What is being asked:
What lines in the entries below contain the word "RECORTES"? Copy all of them.

Saved data entries

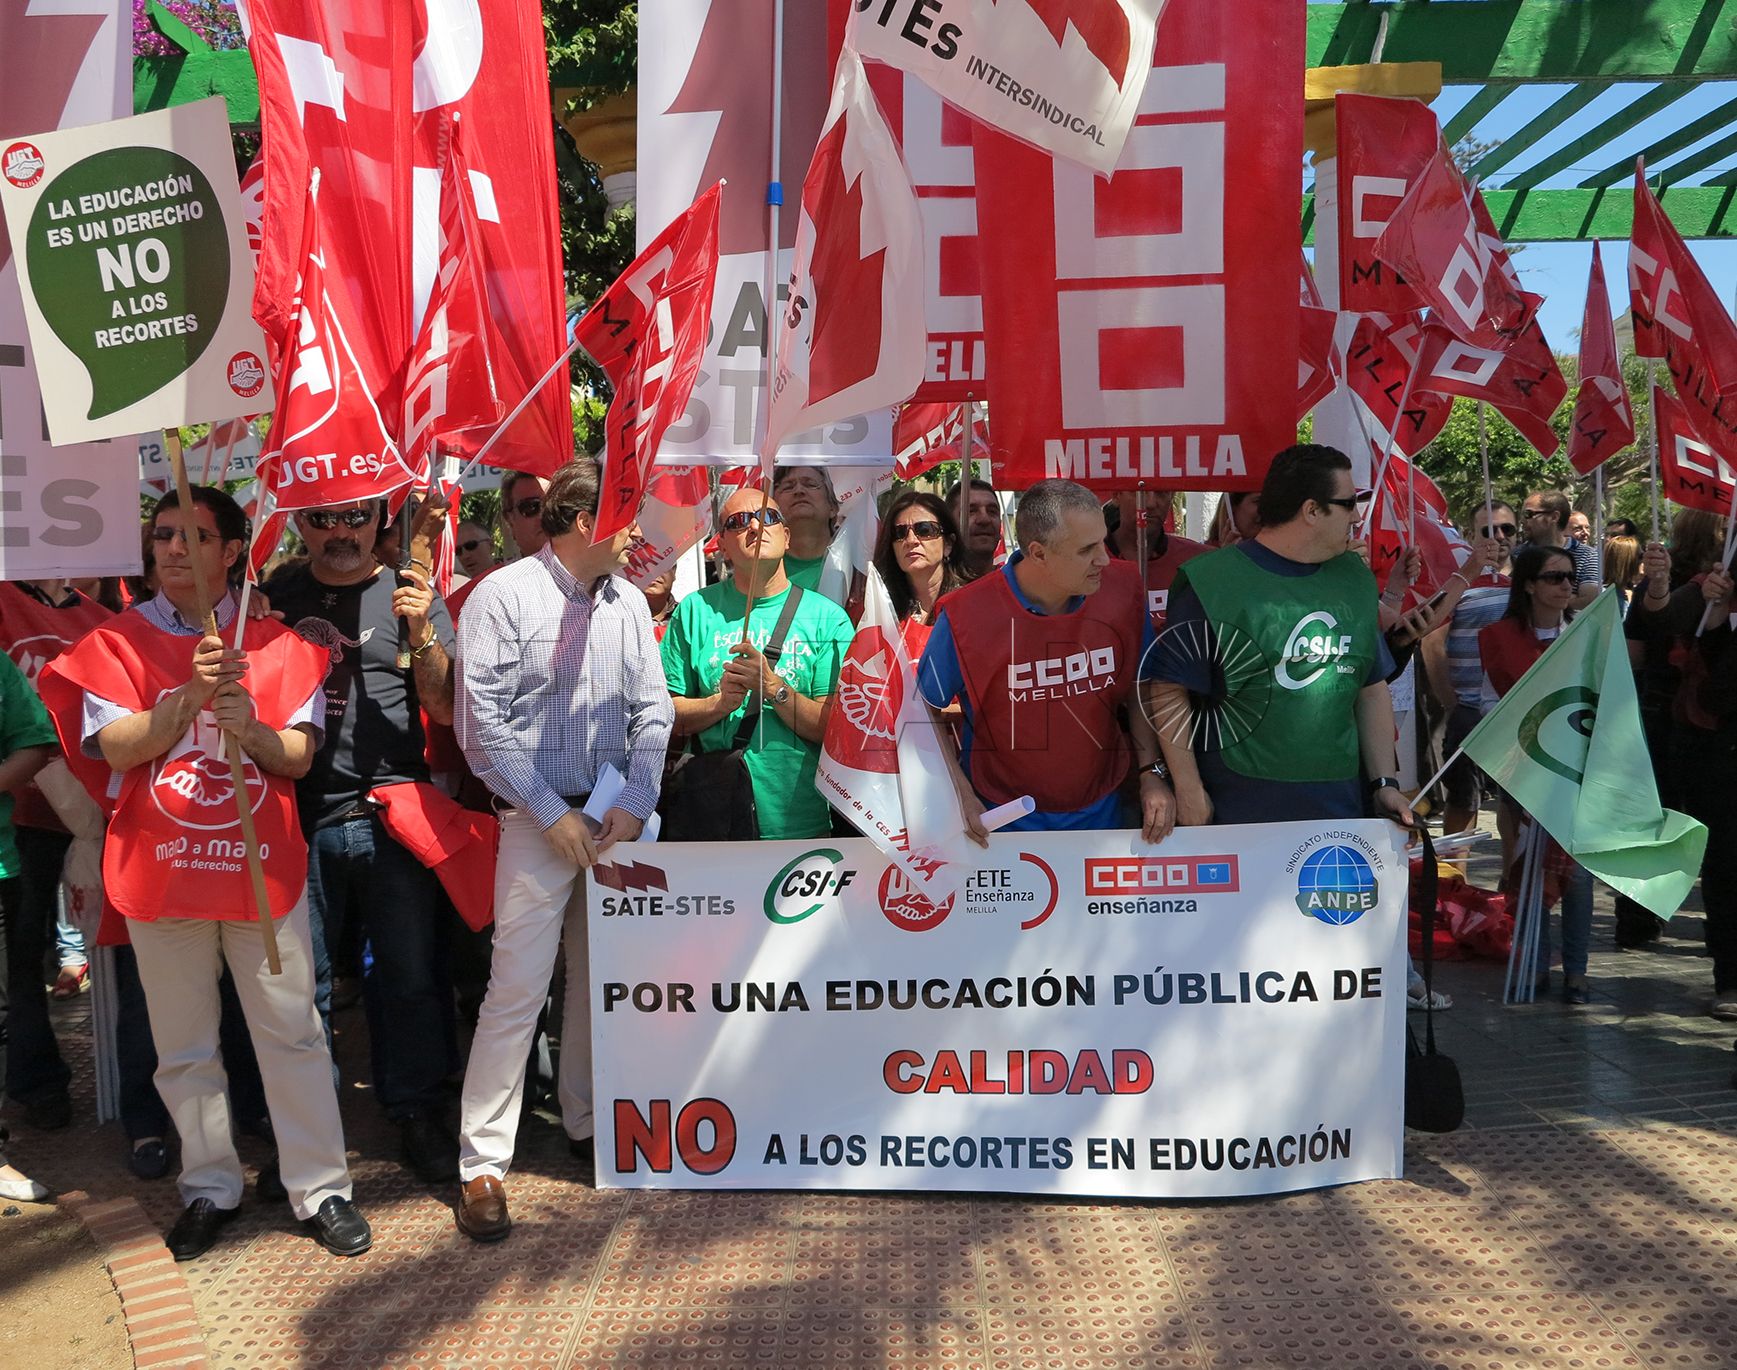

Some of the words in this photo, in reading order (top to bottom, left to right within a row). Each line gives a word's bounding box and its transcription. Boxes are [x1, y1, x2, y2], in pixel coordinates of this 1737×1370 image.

[965, 55, 1106, 147] INTERSINDICAL
[17, 175, 40, 188] MELILLA
[48, 199, 76, 221] LA
[79, 174, 193, 215] EDUCACIÓN
[47, 227, 74, 248] ES
[78, 220, 108, 242] UN
[113, 200, 204, 238] DERECHO
[96, 237, 171, 293] NO
[111, 300, 126, 319] A
[130, 292, 168, 313] LOS
[95, 313, 199, 348] RECORTES
[239, 386, 260, 396] MELILLA
[1045, 434, 1247, 480] MELILLA
[1007, 647, 1115, 688] CCOO
[1008, 675, 1116, 702] MELILLA
[825, 774, 852, 801] fundador
[852, 801, 863, 811] de
[864, 810, 874, 821] la
[876, 821, 891, 837] CES
[192, 843, 202, 855] a
[207, 839, 270, 860] mao
[1286, 834, 1322, 874] SINDICATO
[1323, 831, 1385, 872] INDEPENDIENTE
[191, 859, 242, 872] derechos
[1092, 864, 1190, 888] CCOO
[601, 895, 736, 917] SATE-STEs
[966, 889, 1034, 903] Enseñanza
[966, 906, 998, 914] MELILLA
[1087, 896, 1198, 915] enseñanza
[1307, 892, 1373, 909] ANPE
[603, 982, 697, 1013] POR
[711, 981, 810, 1013] UNA
[826, 968, 1096, 1011] EDUCACIÓN
[1113, 966, 1319, 1006] PÚBLICA
[1333, 967, 1383, 999] DE
[883, 1049, 1155, 1095] CALIDAD
[613, 1097, 738, 1176] NO
[762, 1134, 787, 1165] A
[800, 1134, 867, 1166] LOS
[880, 1135, 1074, 1170] RECORTES
[1087, 1137, 1135, 1170] EN
[1150, 1124, 1352, 1172] EDUCACIÓN

Answer below:
[95, 313, 199, 348] RECORTES
[880, 1135, 1074, 1170] RECORTES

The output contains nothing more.